Hidden Irony # As the author is a keen observer of human nature particularly the relationships between people, he is narrating the entire story of Louise in his own words. The story is framed in an ironic way, but at first it is a hidden irony. He says that Louise had a delicate and gentle nature and though she disliked the author, she never told him that directly but her delicate, ladylike gestures conveyed to him what she meant. They knew each other for twenty-five years and according to her, he was a course, brutal, cynical and vulgar fellow. But one thing he could not understand, in spite of all that, why did she take an interest in him She invited him for lunch and dinner quite often and also asked him to spend a week-end at her country house. At last, the author thought to have understood her motive. It was the author alone who did not believe in her and could not be fooled by her. She knew it and was constantly trying to convince him and took it for granted that one day, she would succeed.

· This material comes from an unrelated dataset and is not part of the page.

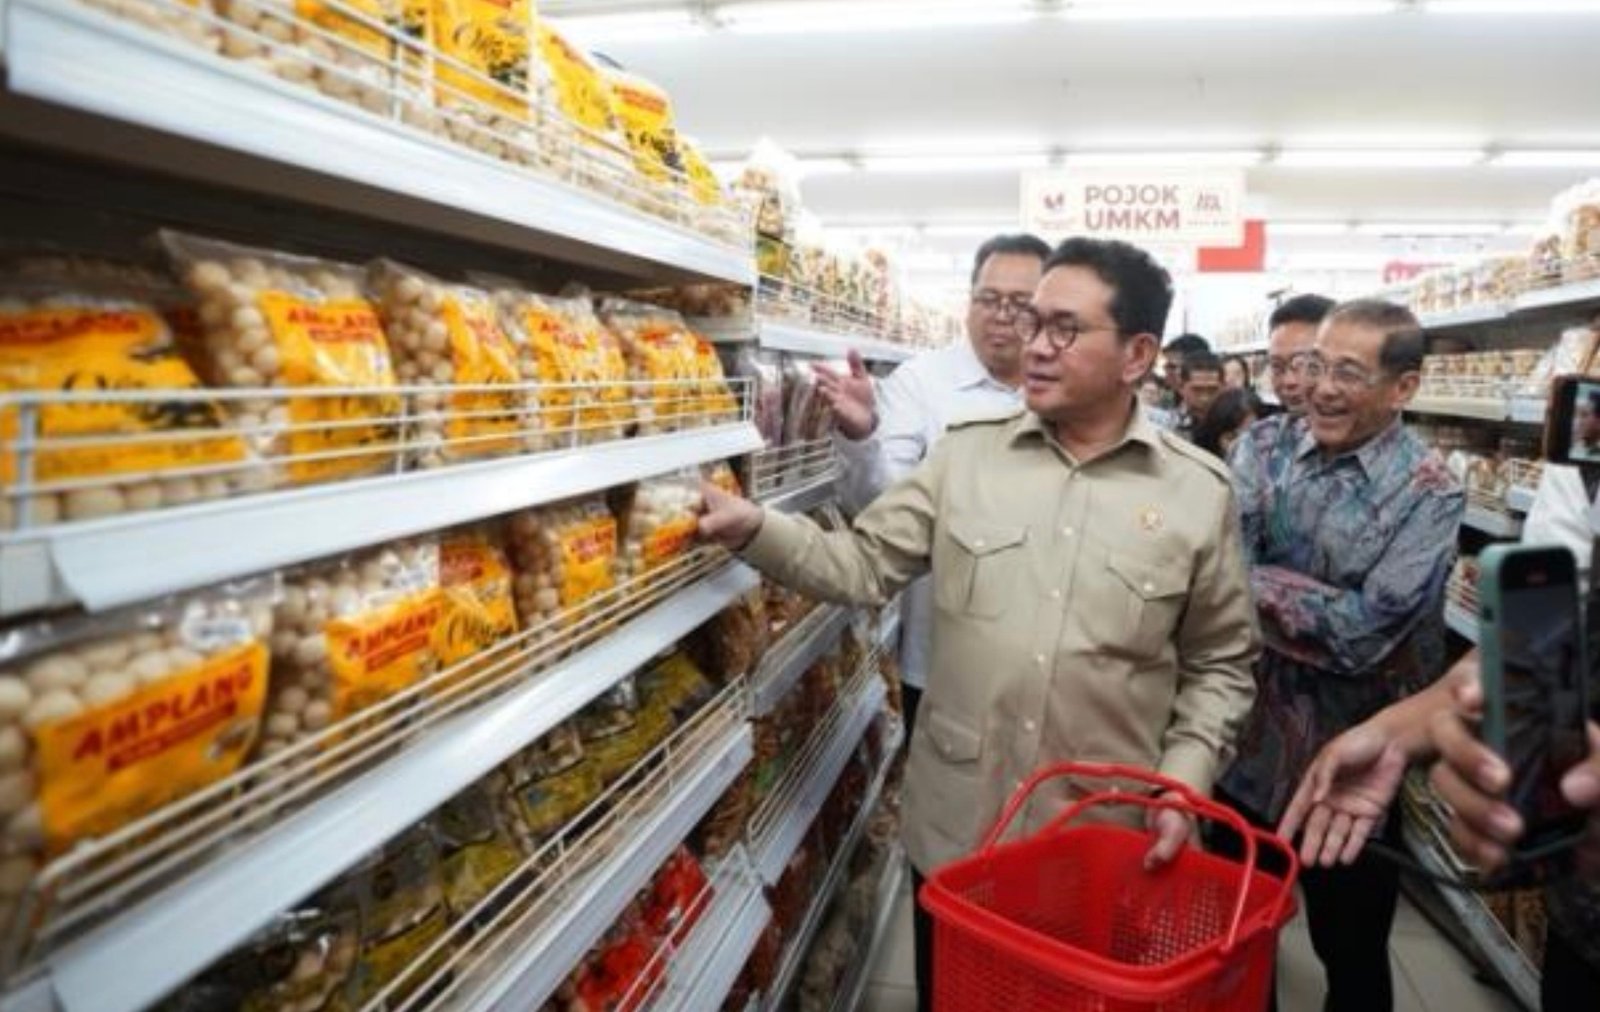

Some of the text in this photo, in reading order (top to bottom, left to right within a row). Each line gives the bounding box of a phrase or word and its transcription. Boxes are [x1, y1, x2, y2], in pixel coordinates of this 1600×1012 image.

The prevailing moods of the story are ironical and emotional. This story is realistic in style. It is reveals human virtues and vices. The story “Louise” has a gripping and fast-moving plot. The plot of the story is complicated. The story has the following composition: there is no exposition. The development of the plot begins from the first paragraph. The climax is logically reached in dialogue between the narrator and Louise. The denouement is shown in the last paragraph. The elements of plot ordered chronologically. There are two main characters: Louise and the author himself, where Louise is a antagonist and the author is protagonist. There are also some flat characters such as Tom Maitland, the first husband of Louse; George Hobhouse, her second husband, and her daughter Iris.
It is possible to say that all Louise’s life is one big antithesis, because she has lived more than forty years softly making other people do what she wants but constantly repeating “I hate the thought of anyone sacrificing themselves for me.”